FTS International has filed an amended S-1 form with the U.S. Securities and Exchange Commission (SEC) regarding its initial public offering (IPO). The company expects to price its 15.15 million shares in the range of $15 to $18 per share, with an overallotment option for an additional 2.27 million shares. At the maximum price, the entire offering is valued up to $313.64 million. The company intends to list its shares on the New York Stock Exchange under the symbol FTSI.
The underwriters for the offering are Credit Suisse, Morgan Stanley, Barclays, Citigroup, Wells Fargo Securities, Evercore ISI, Cowen, Guggenheim, Simmons, as well as Tudor, Pickering, Holt.
This is one of the largest providers of hydraulic fracturing services in North America.
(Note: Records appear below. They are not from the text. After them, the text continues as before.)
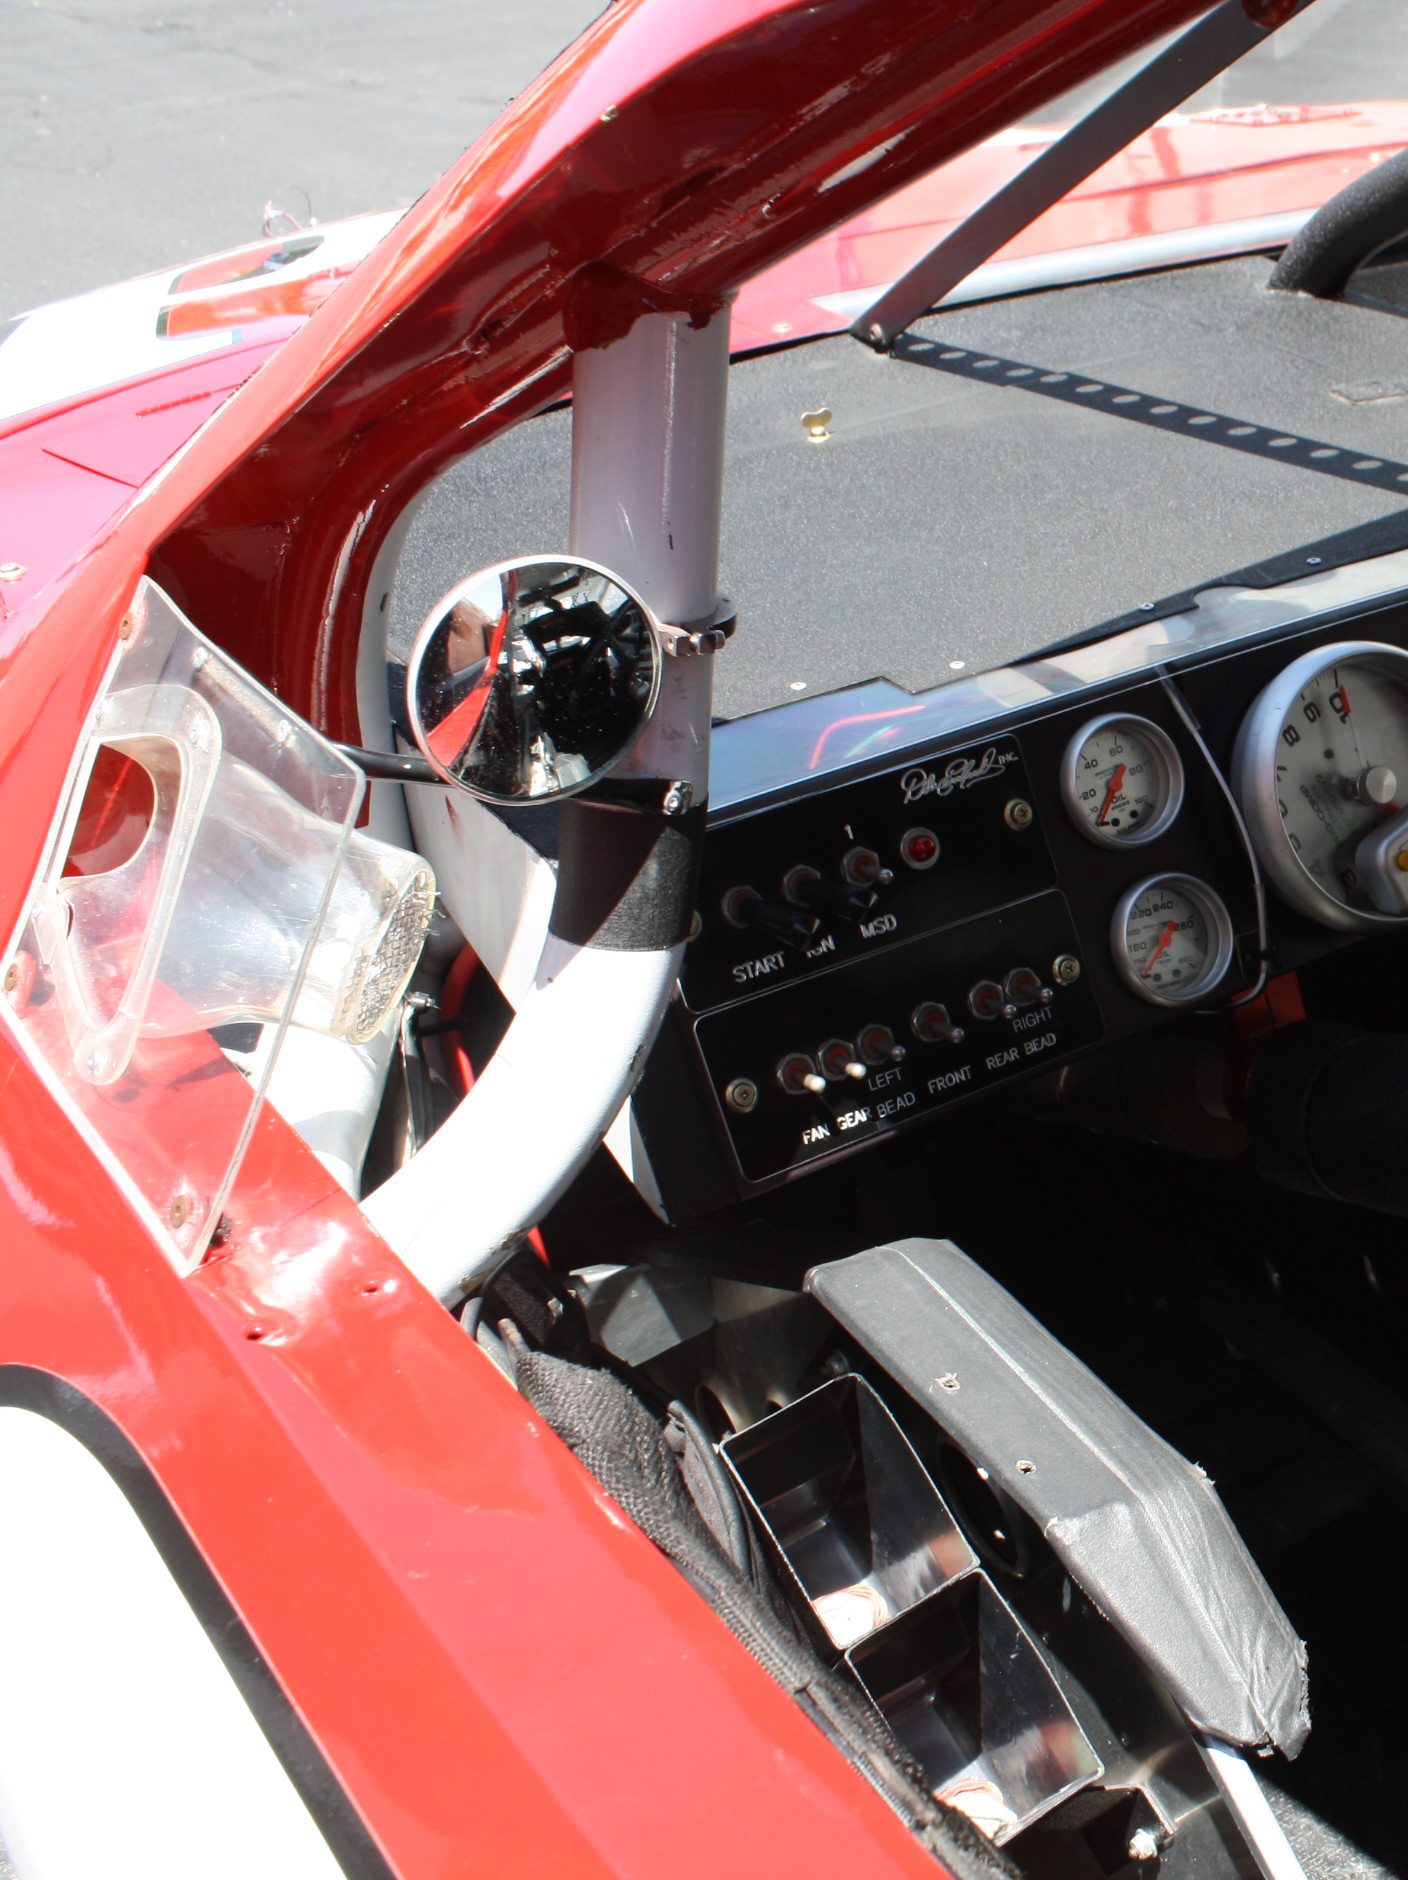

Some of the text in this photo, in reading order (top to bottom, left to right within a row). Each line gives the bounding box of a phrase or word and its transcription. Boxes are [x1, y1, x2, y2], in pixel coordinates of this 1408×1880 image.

[1282, 724, 1300, 747] 8
[1109, 745, 1123, 757] 60
[1084, 759, 1098, 770] 40
[1128, 764, 1143, 776] 80
[1082, 788, 1096, 800] 20
[1111, 793, 1126, 804] OIL
[1152, 900, 1174, 913] 240
[732, 951, 785, 983] START
[859, 913, 898, 939] MSD
[1012, 1006, 1053, 1033] RIGHT
[867, 1066, 903, 1091] LEFT
[802, 1032, 1057, 1145] FAN GEAR BEAD FRONT REAR BEAD
Its services enhance hydrocarbon flow from oil and natural gas wells drilled by exploration and production (E&P), companies in shale and other unconventional resource formations. Its customers include Chesapeake Energy, ConocoPhillips, Devon Energy, EOG Resources, Diamondback Energy, EQT, Range Resources and other leading E&P companies that specialize in unconventional oil and natural gas resources in North America.
FTS is one of the top three hydraulic fracturing providers across its operating footprint, which consists of five of the most active major unconventional basins in the United States: the Permian Basin, the SCOOP/STACK Formation, the Marcellus/Utica Shale, the Eagle Ford Shale and the Haynesville Shale.
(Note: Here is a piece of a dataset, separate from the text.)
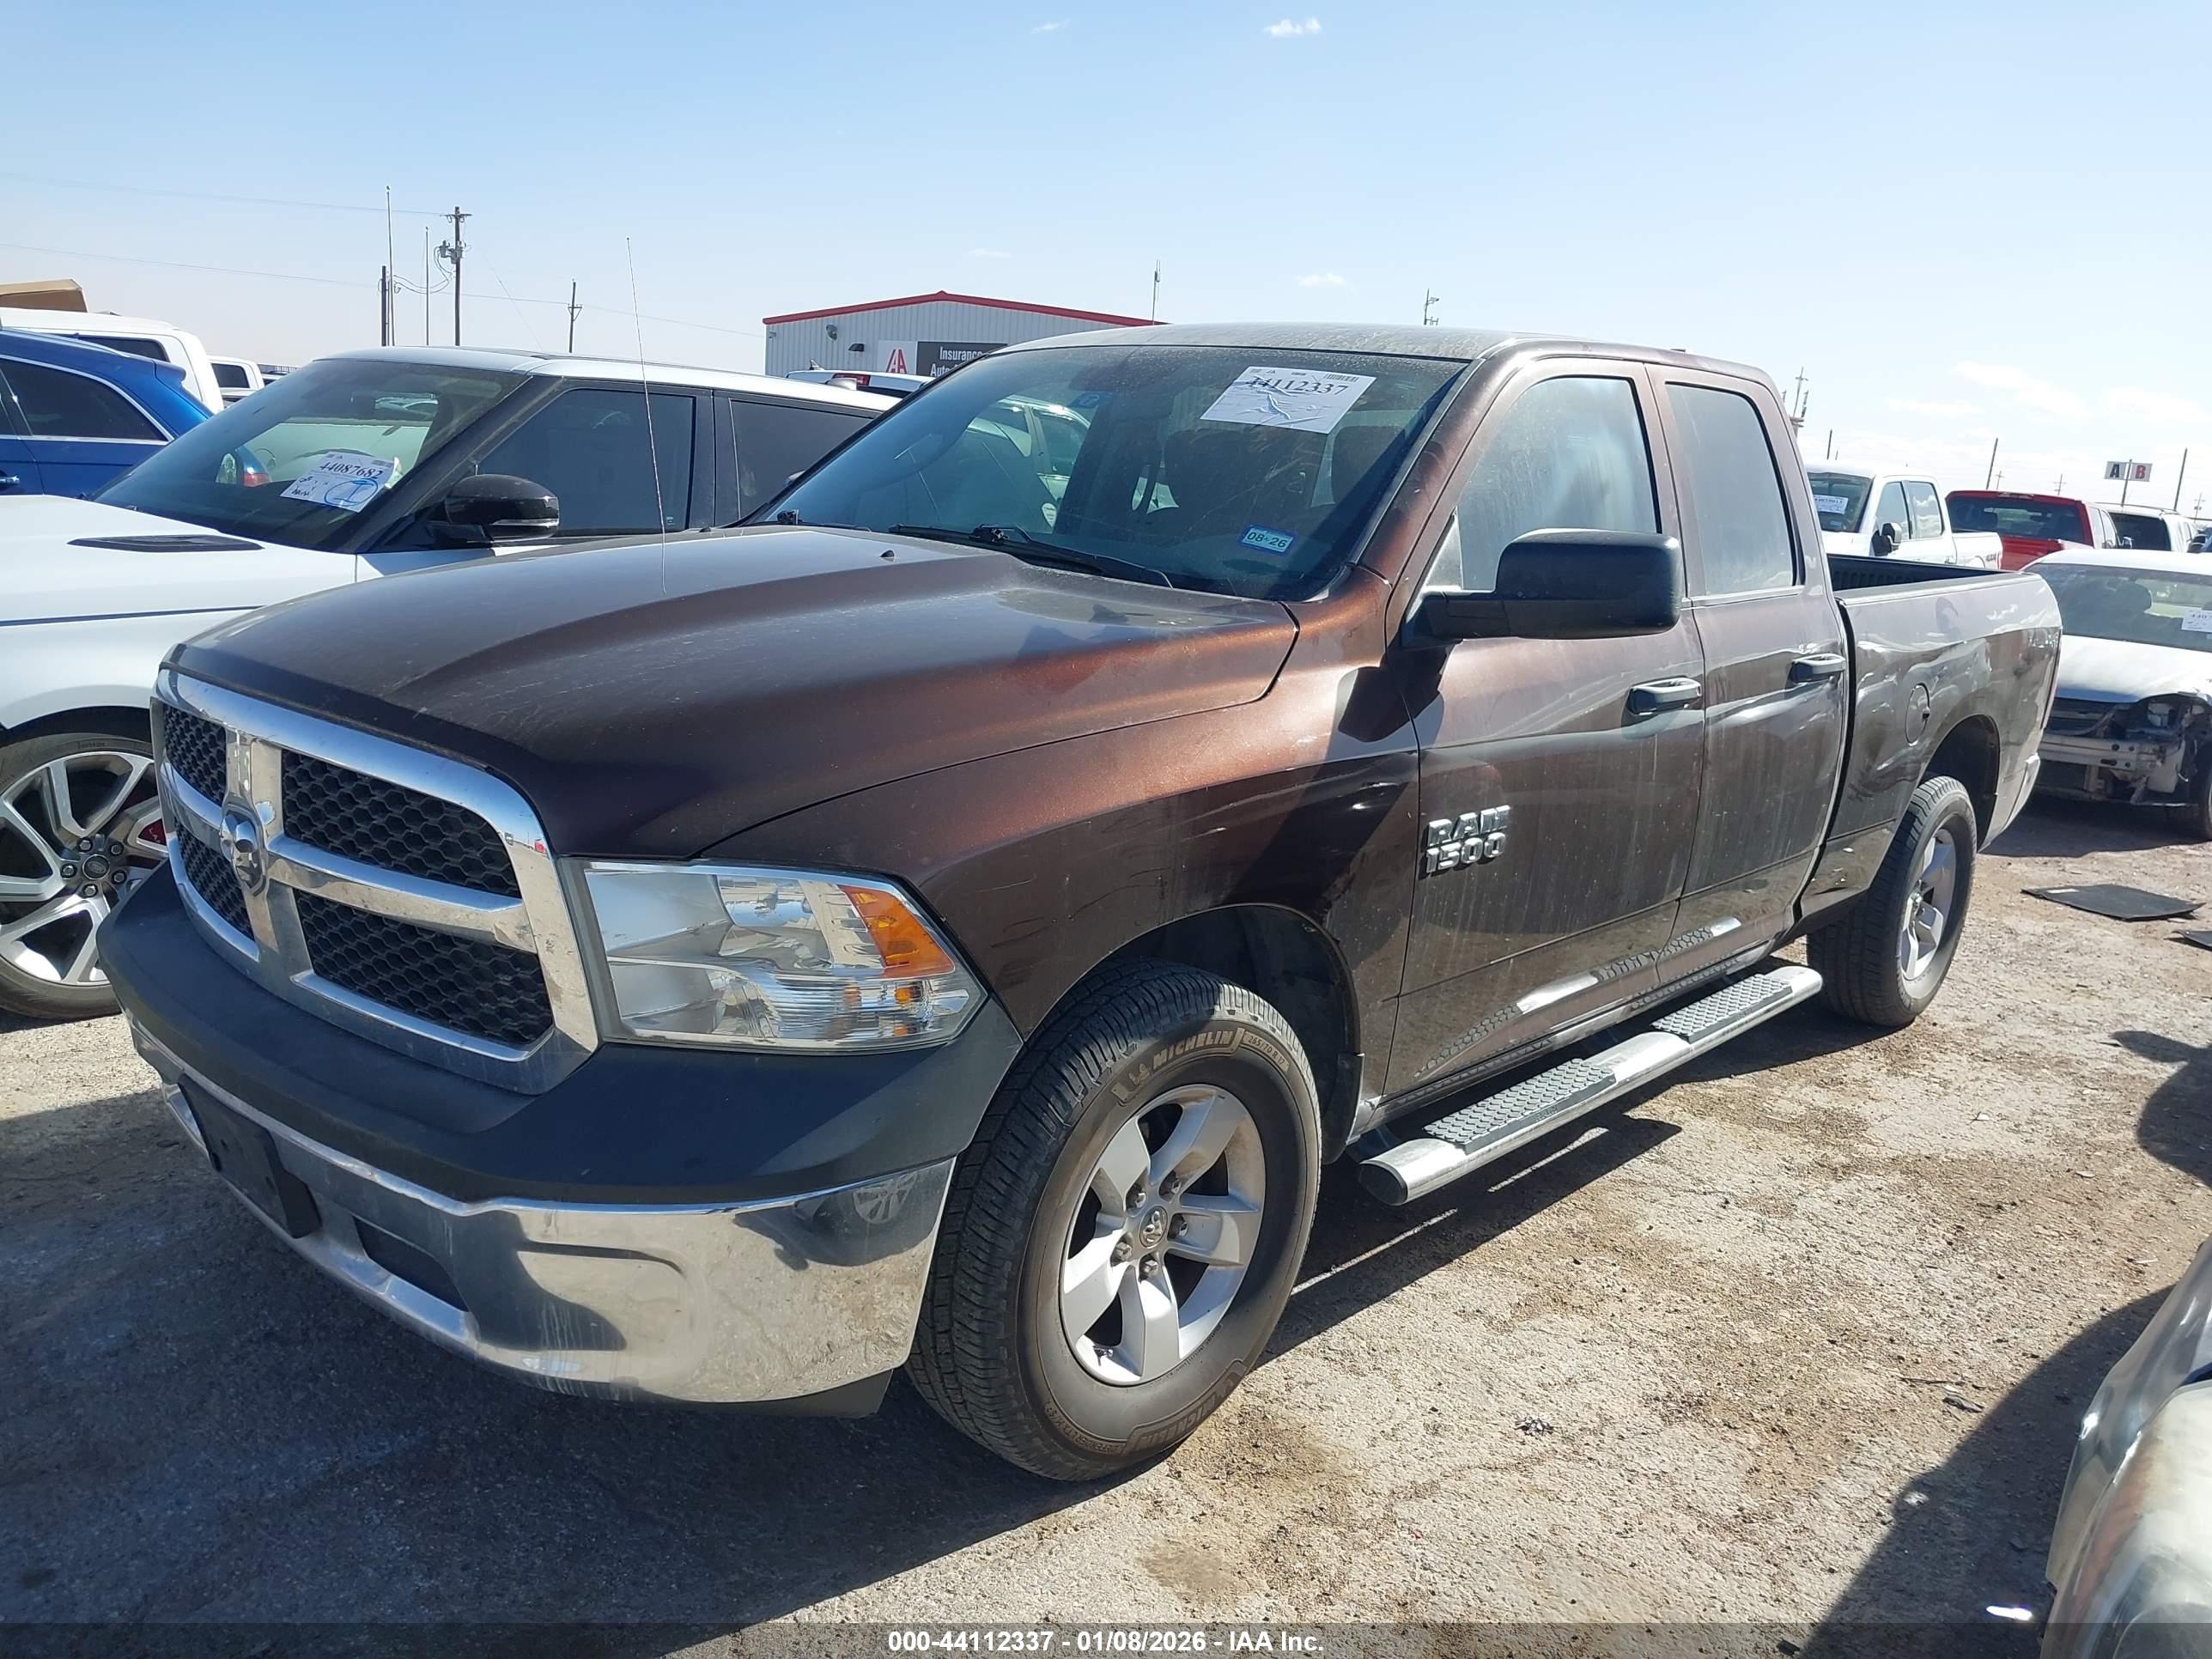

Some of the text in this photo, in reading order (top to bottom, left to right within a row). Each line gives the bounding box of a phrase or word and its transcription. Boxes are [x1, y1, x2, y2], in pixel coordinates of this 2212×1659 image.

In the filing, the company further detailed:
We have 1.6 million total hydraulic horsepower across 32 fleets, with 27 fleets active as of January 8, 2018. We are experiencing a surge in demand for our services, which has led us to reactivate 10 fleets since the beginning of 2017. Based on continued requests from customers for additional fleets, we are in the process of reactivating additional equipment at our in-house manufacturing facility. We believe we can reactivate all of our idle equipment for approximately $34 million, allowing us to further increase our operating fleets by five fleets, or approximately 19%, over the next nine months.
The company intends to use the net proceeds from this offering for general corporate purposes, which will include repaying indebtedness.